Secondly - say you want use $(Sales1998to1997) as input parameter of that ArrowIconForTrendValue expression. You can’t because Sales1998to1997 is plain expression defined before as $(Sales1998)/$(Sales1997). And Sales1998 in it defined as Sum(If(Year(OrderDate)=1998, Quantity*UnitPrice)) which is in fact contains comma in question.

So we not only should make our function expression (ArrowIconForTrendValue) less readable but also should make all parameters for that function anew - not using already existing expressions. That does not compose well.

Enter the Expression Editor macro. Given ArrowIconForTrendValue and Sales1998to1997 expressions above we can define new variable as

set: ArrowIconForSales1998to1997
macro: ArrowIconForTrendValue
  - $(Sales1998to1997)

Macro tag get function expression name and YAML formatter list of parameters (in that example one parameter). Output format for that expression in CSV file would be:

SET ArrowIconForSalesTrend,"if($(Sales1998to1997) = 0 OR IsNull($(Sales1998to1997)), null(), 'qmem://<builtin>/' & if($(Sales1998to1997) >= 1.20,'Arrow_N_G.png', if($(Sales1998to1997) >= 1.051,'Arrow_NE_G.png', if($(Sales1998to1997) >= 1.05 ,'Arrow_NE_G.png', if($(Sales1998to1997) >= 1,'Arrow_E_Y.png', if($(Sales1998to1997) >= .95 ,'Arrow_W_Y.png', if($(Sales1998to1997) >= .801  ,'Arrow_SE_R.png', if($(Sales1998to1997) >= .80 ,'Arrow_S_R.png', if($(Sales1998to1997) >= 0 ,'Arrow_S_R.png','Arrow_S_R.png')))))))))",,

So on code-generation phase plugin would emulate dollar sign substitution of expression parameter with actual value, so QlikView would get clean expanded variable without any parameter, ready for further processing. I’ve included these sample expressions in demo project

We do not use this feature frequently but when we do - it is nice to have.

Using of demo project

You can download and look at materials used in this post. Demo project is based on demo application NorthWindExampleMart from QlikView Deployment Framework. QDF file structure per se was not used in this tiny example, but essential function LoadVariableCSV was used.

NorthWindExampleMart_Original.qvw is essentially NorthWindExampleMart application fro QVF, adapted for stripped down environment of demo project.
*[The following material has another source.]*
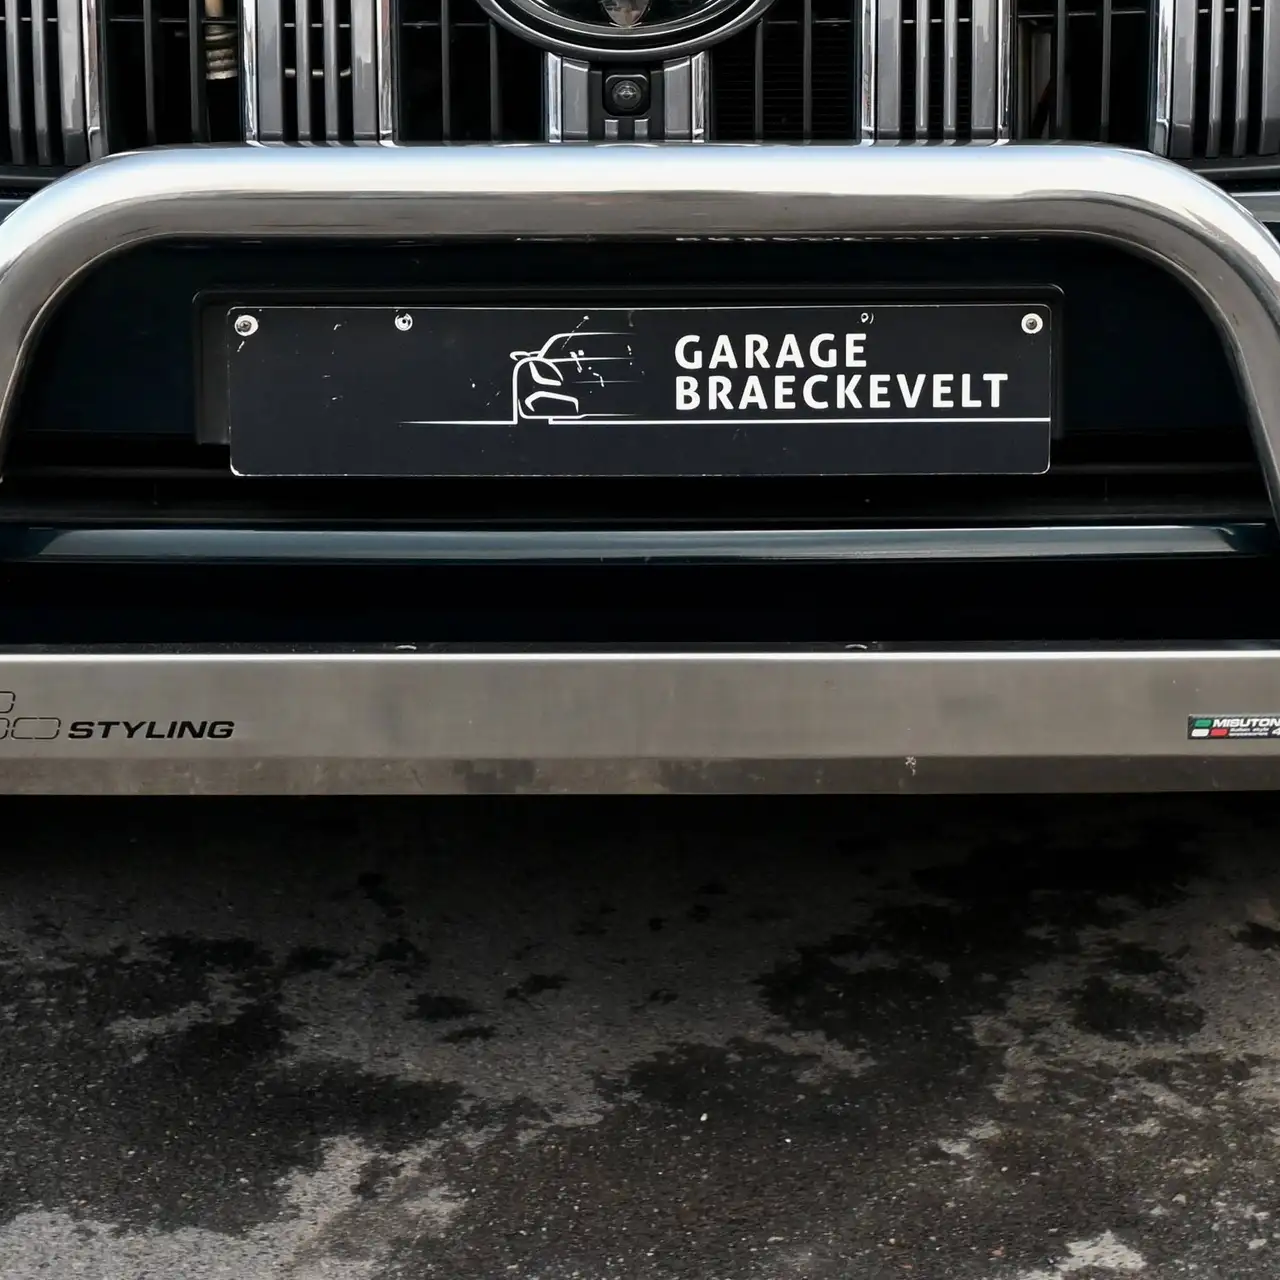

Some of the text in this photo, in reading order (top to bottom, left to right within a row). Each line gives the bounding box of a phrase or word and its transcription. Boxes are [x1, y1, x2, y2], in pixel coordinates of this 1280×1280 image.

[674, 332, 867, 370] GARAGE
[675, 373, 1009, 411] BRAECKEVELT
[68, 720, 235, 739] STYLING
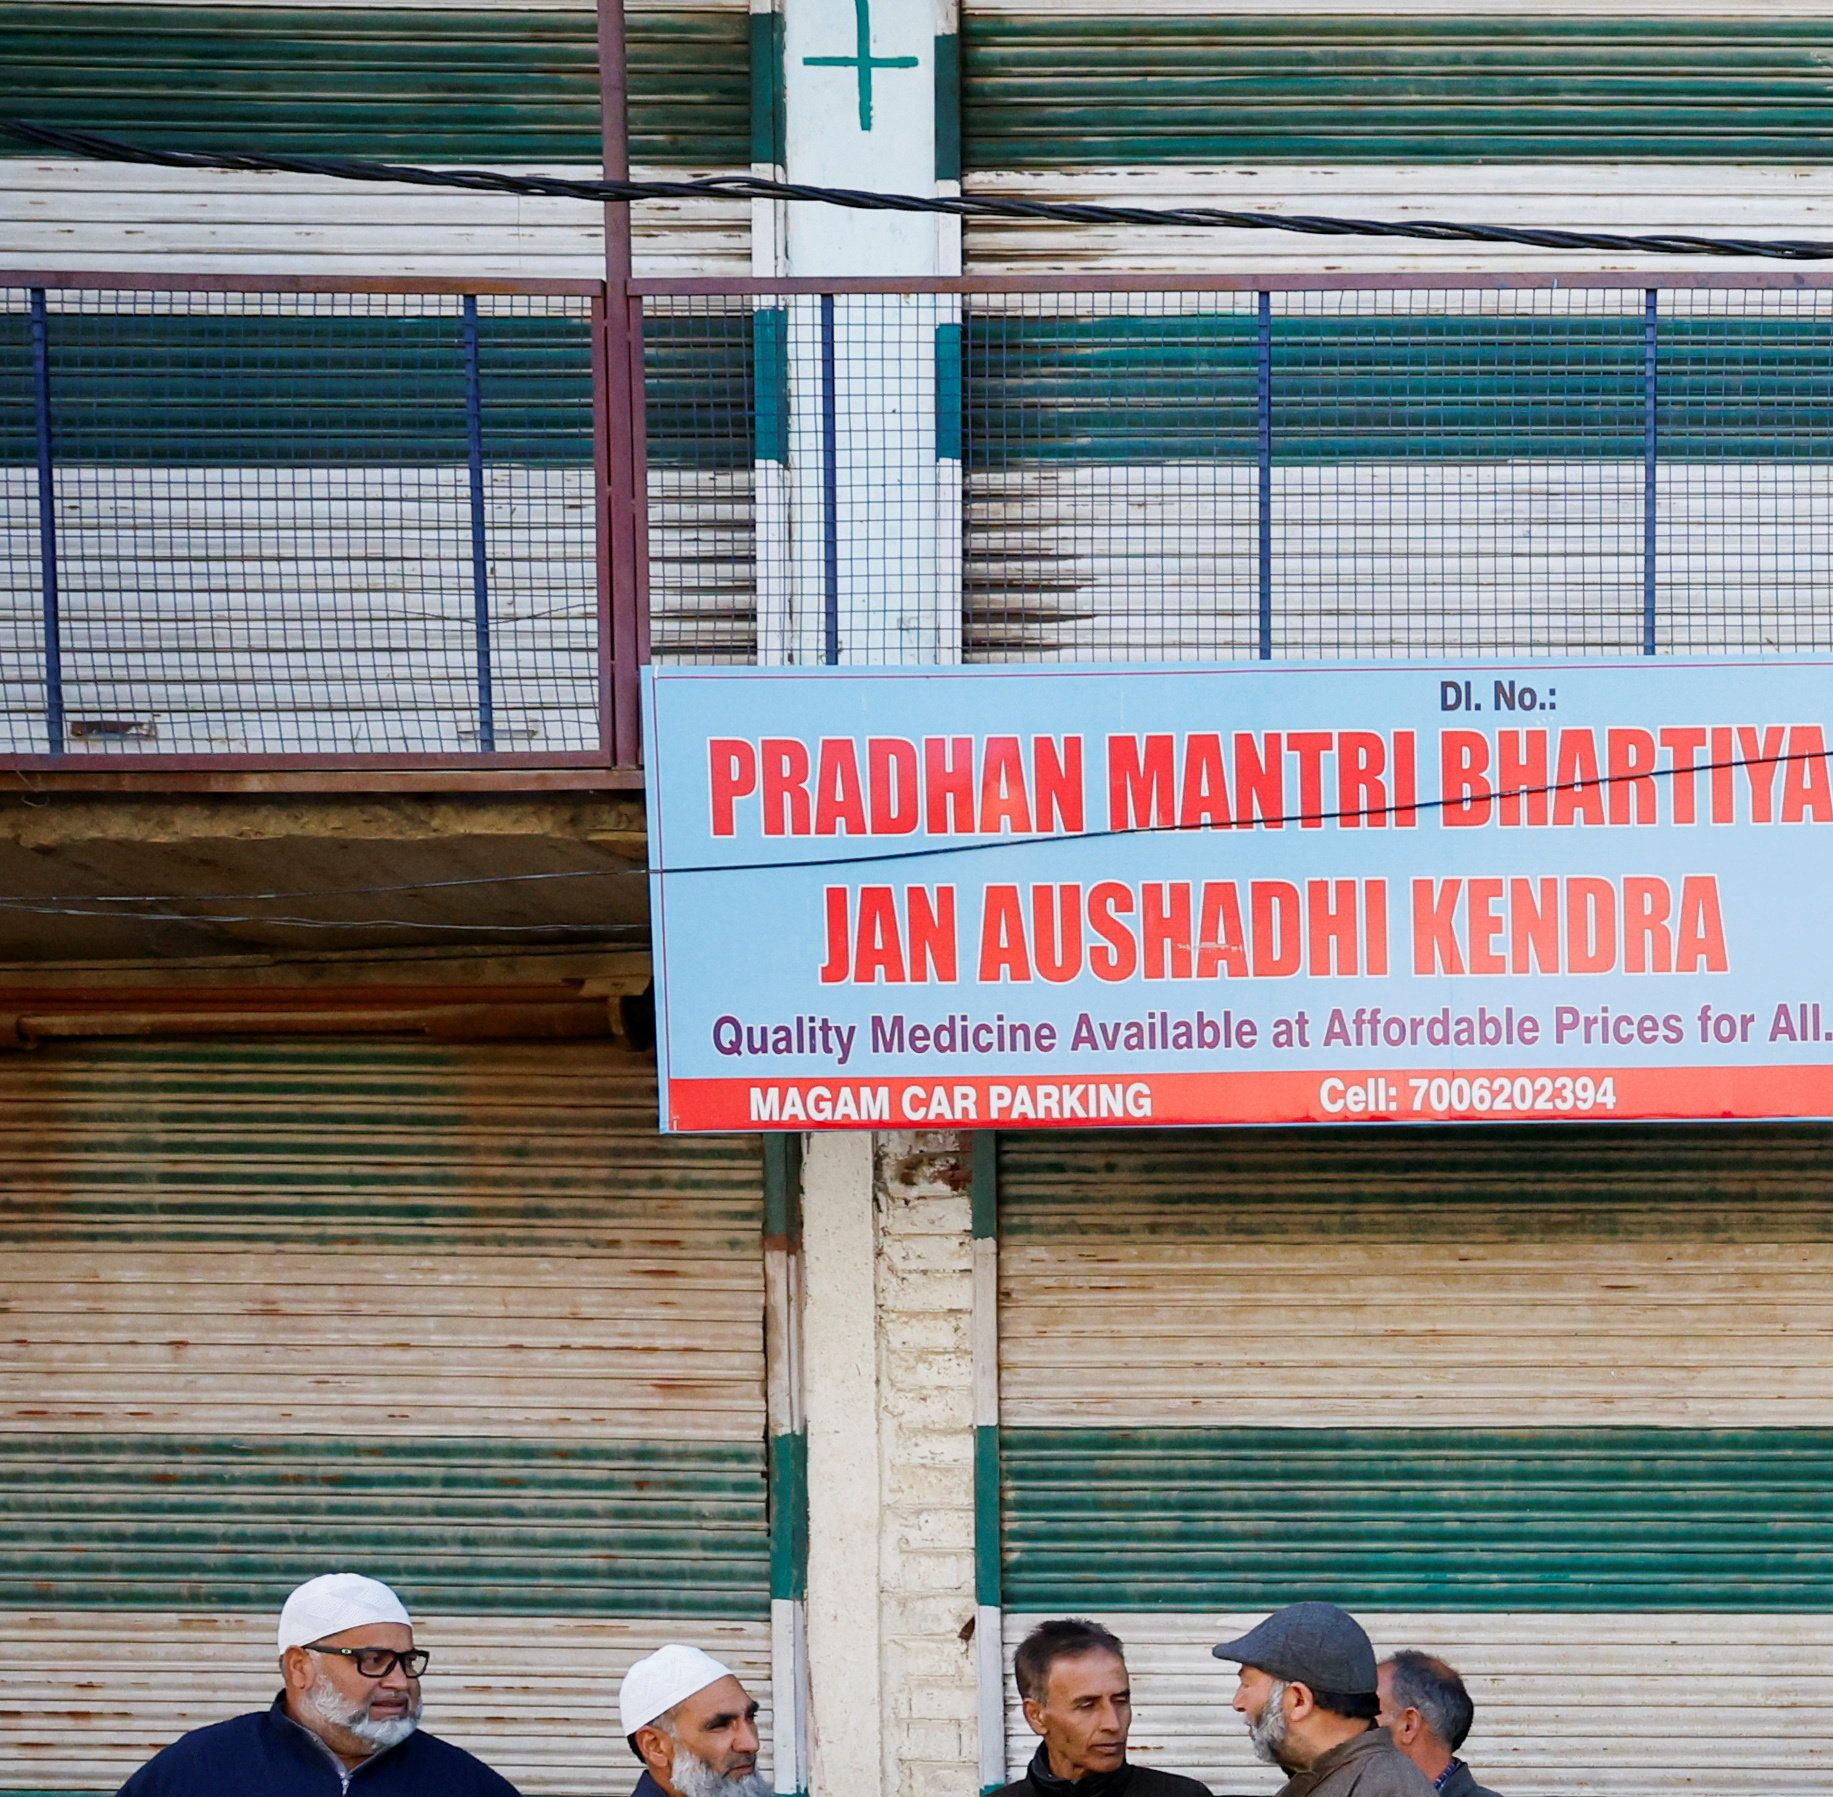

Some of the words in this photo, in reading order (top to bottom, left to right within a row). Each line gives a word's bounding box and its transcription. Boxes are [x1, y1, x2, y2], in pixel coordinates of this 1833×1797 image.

NorthWindExampleMart_WithExpression.qvw is the same application with added section for loading variables from csv file and all chart expressions modified to use these loaded variables. Initially this application loads static labels and comments. To get last example with dynamically localized labels and comments you should uncomment last line in file LoadApp_WithExpressions.qvs

To look at InfoVizion Expression Editor in action you should install Sublime Text 3 and InfoVizion Tools

InfoVizion Expression Editor, part two

  1. I define Comment arbitrary when it is absent in original application. It’s just a habit to have both Label and Comment for chart expression. Actually in that application Comments mostly not used in charts, but if I simply switch any box diagram into straight table for example - it would be nice to have them from the start. On the other hand simple variables not used as chart expression usually have only name (defined in LET or SET part of expression block) and definition. [return]
  2. In previous version of Expression Editor we used disconnected table for expressions metadata. So expressions labels used to look like $(GetLabel(AvgOrder)). Current solution (with clustered group of variables for each expression: Sales, Sales.Label, Sales.Comment, Sales.TextColor for example) was inspired by QlikView Deployment Framework. QlikView Deployment Framework has option to store Comments for variable in linked variable. That solution has already proved itself as a big improvement. First of all =Sales.Label looks slightly better then $(GetLabel(Sales)). But arguably more important part is: QlikView itself provide much more support in design time with this approach. In edit box for Label value for example, when you start typing =Sale - you get possible completions, and immediately know if corresponding variable exists. If not - expression would be red underscored. Inside the $() you can write devil and all. No completions, and QlikView will indifferently color right thing and nonsense alike in dim gray. Such a difference matter a lot on the visualization phase.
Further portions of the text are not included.